In the meanwhile, existing tools of economic governance could be re-adjusted to make more space for genuine social priorities. In that sense, the social platform wisely suggested to use the infrastructures of the European Semester to counter the current trend pushing Member States to readjust wages downwards. The Commission could indeed support the introduction of references to adequate minimum wages in the Annual Growth Survey as well as in the Country Specific Recommendations and keep track of the development of wage levels. This would give more bite to the employment policy prong of the European Semester.

To that effect, it is important that Country Specific Recommendations continue to be adopted on the dual legal bases of Articles 121(2) (economic policy) and 148(4) TFUE (employment policy).

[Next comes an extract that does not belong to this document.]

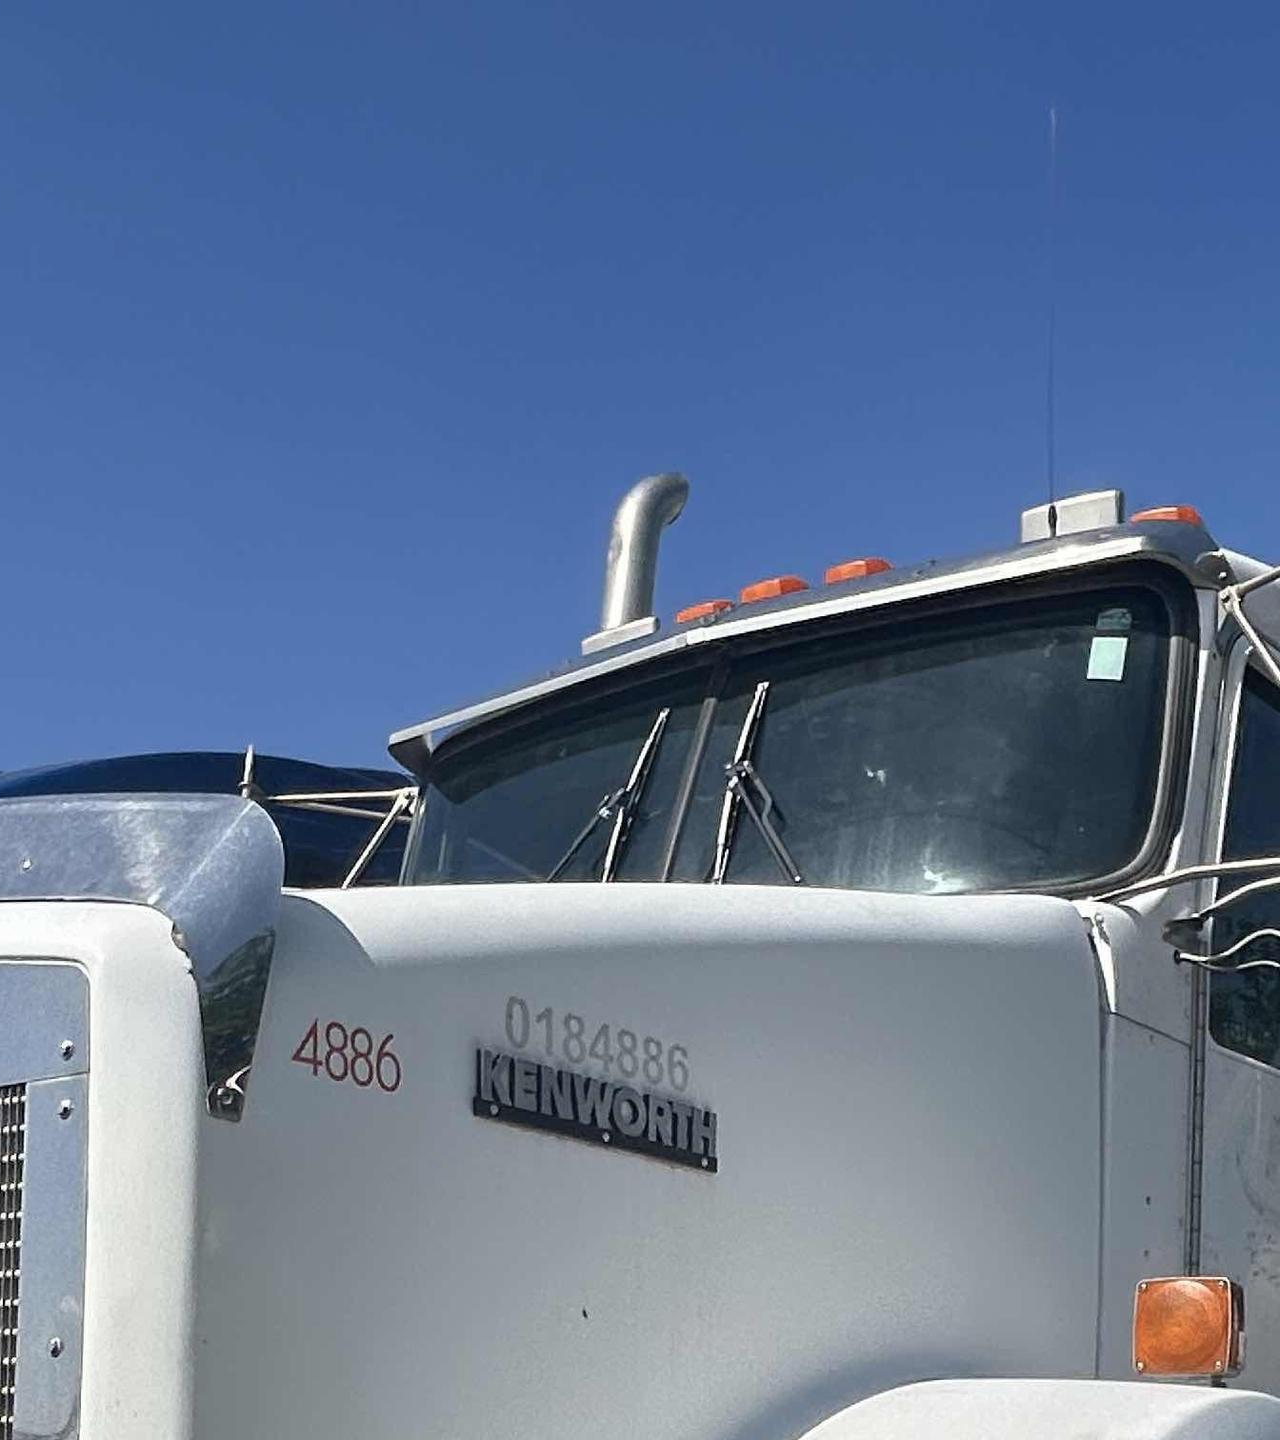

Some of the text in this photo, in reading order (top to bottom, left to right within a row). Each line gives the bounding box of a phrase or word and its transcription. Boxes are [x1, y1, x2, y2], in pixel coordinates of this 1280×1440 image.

[291, 1017, 401, 1092] 4886
[505, 996, 689, 1092] 0184886
[476, 1048, 718, 1157] KENWORTH
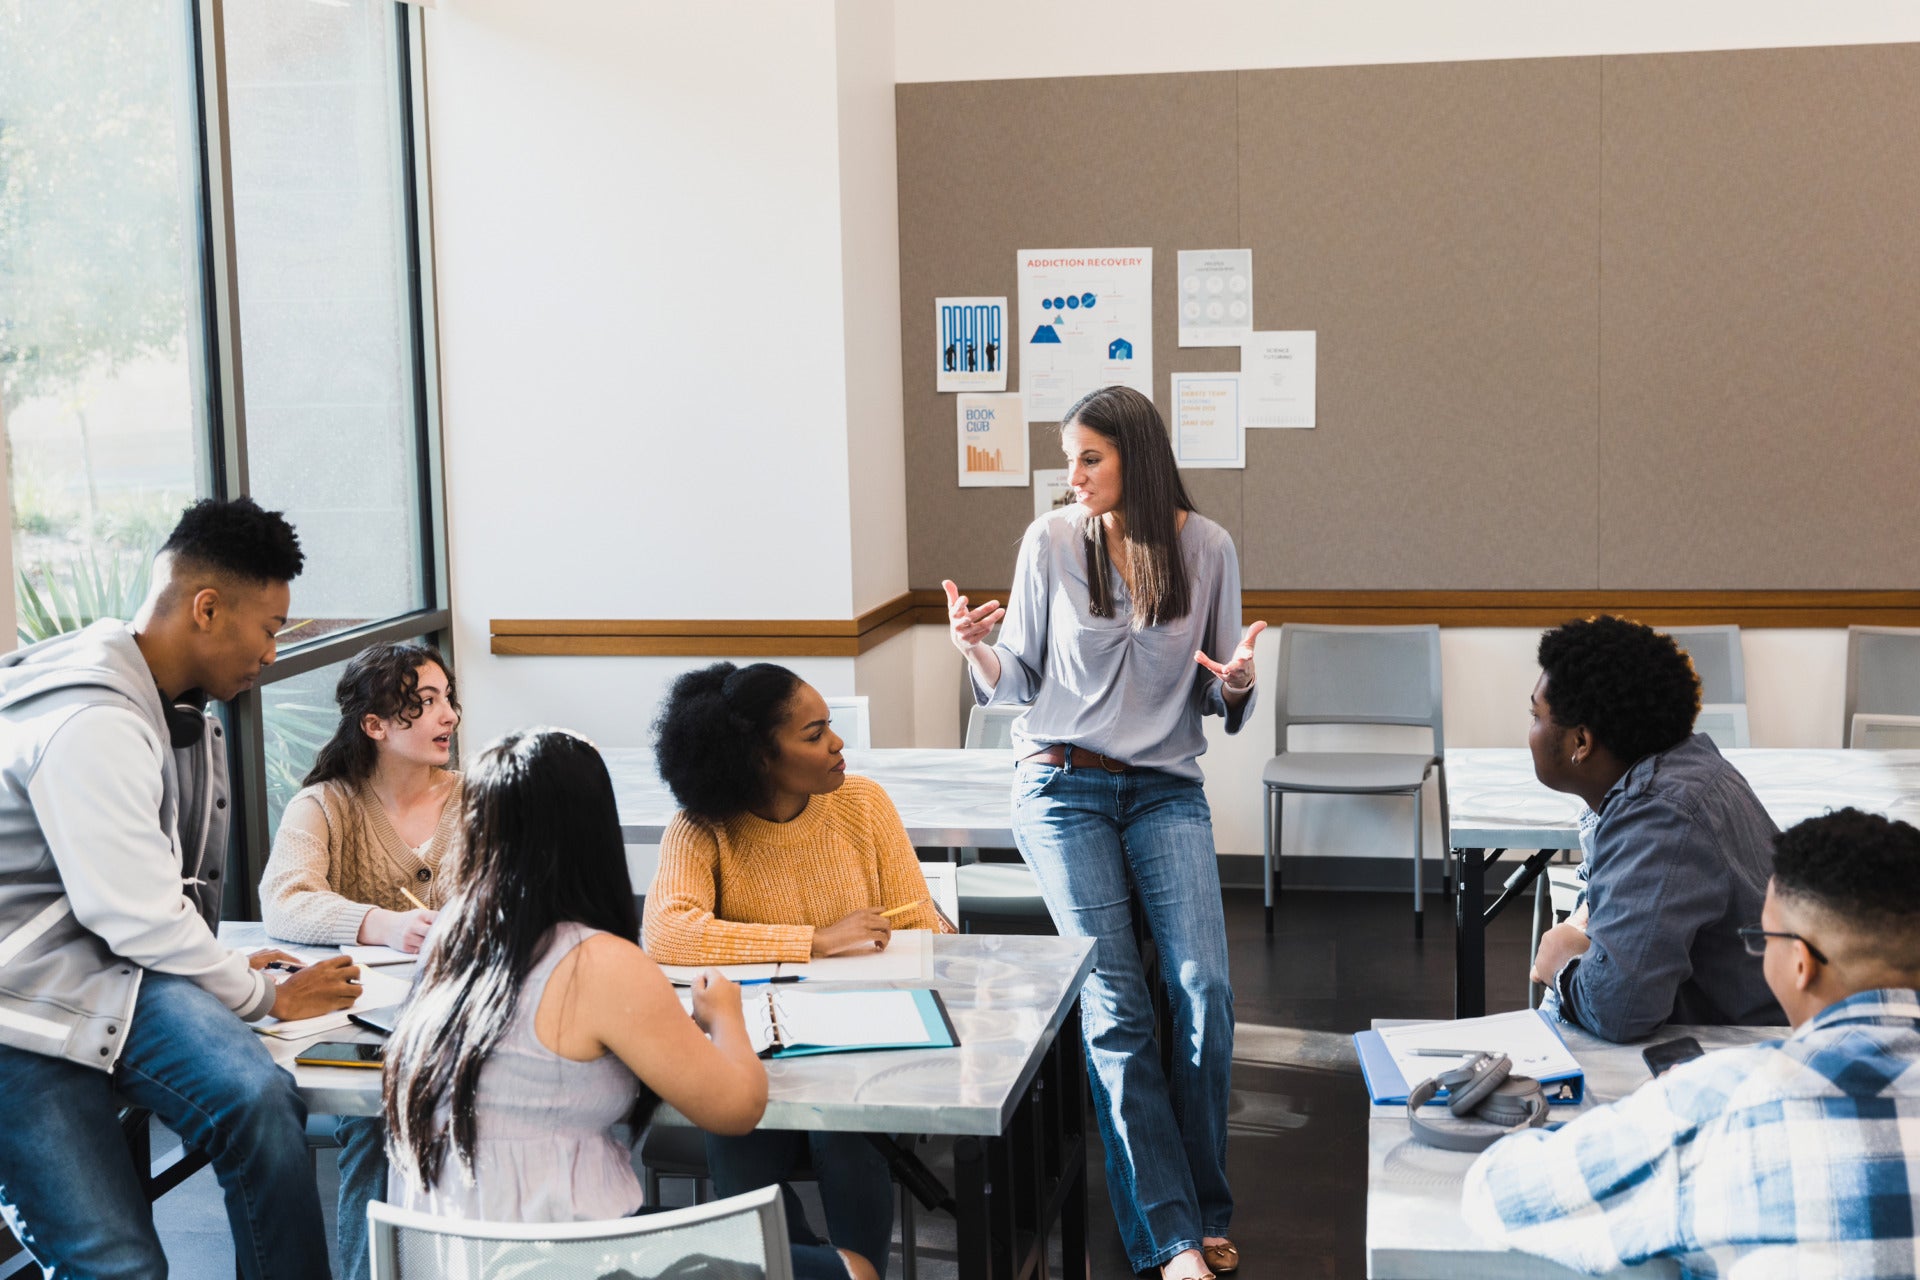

Key players at European level are thus not only those in charge of economic and financial affairs but also those responsible for employment and social policy who are more likely to ensure that due attention is paid to employment and social concerns indeed. Mark Dawson has usefully observed that the involvement of the latest category of actors could be further enhanced in the Macroeconomic Imbalance Procedure (MIP; see M. Dawson, ‘The European Semester: Displacing Social Policy in the New ‘New Governance’’ in C. Kilpatrick (ed.) The Displacement of Social Europe (forthcoming). On file with the author).

Indeed, to the extent that this procedure does result in suggesting - if not imposing – changes in domestic social and employment policies as part of the Country Specific Recommendations, the decision-making process leading to their adoption shall be adjusted. This should allow for a stronger involvement of actors specialised in the field such as the Council configuration on Employment, Social Policy, Health and Consumer Affairs. For instance, see the Report from the Council Employment Committee and Social Protection Committee on ‘Assessment of the 2016 Country-specific Recommendations (CSRs) and the implementation of the 2015 CSRs’ on labour market aspects (p 10) and on social protection and inclusion (p 21).

Now, the Juncker Commission may be considering reserving, or enhancing, the emphasis on minimum pay (and income) in recommendations specific to Euro area members. Although we would regret a focus on Eurozone members only, if this approach was adopted it would be all the more so important to refer to Article 148 TFEU (employment policy) as a legal base besides Articles 136 (Eurozone) and 121(2) TFEU (economic policy) in order to ensure adequate representation of social players and interests.

Conclusion

The most concrete elements of information received during the Conference are unquestionably the announcements made by Commission President Juncker. Let us be clear, sending a message that the EU guarantees (directly or indirectly) minimum income and wages would be most welcome; and giving flesh to such guarantees through tools available in the context of EU economic governance is understandable. This however should be framed with appropriate conceptual and legal tools placing individual protection at the core of the process and, to that effect, it ought to be backed up with a solid effort to modernise the EU social acquis.

In that sense, it is to be hoped – as hinted at by President Juncker himself - that the initiative for the European Pillar of Social Rights will live up to the standards of the ambitious social agenda called for by Commission President Delors in the late 1990s. It may be recalled that this had resulted in the Proclamation by 11 out of the 12 Member states of the Community Charter of Fundamental Social Rights and came with a strong impulse for the adoption of new legislation (point 28 of that Charter). In the new EMU and enlargement context, the legislative focus should be on providing an updated and more comprehensive EU floor of social rights and should be accompanied by proposals to socialise the European Semester both in its process and its substance.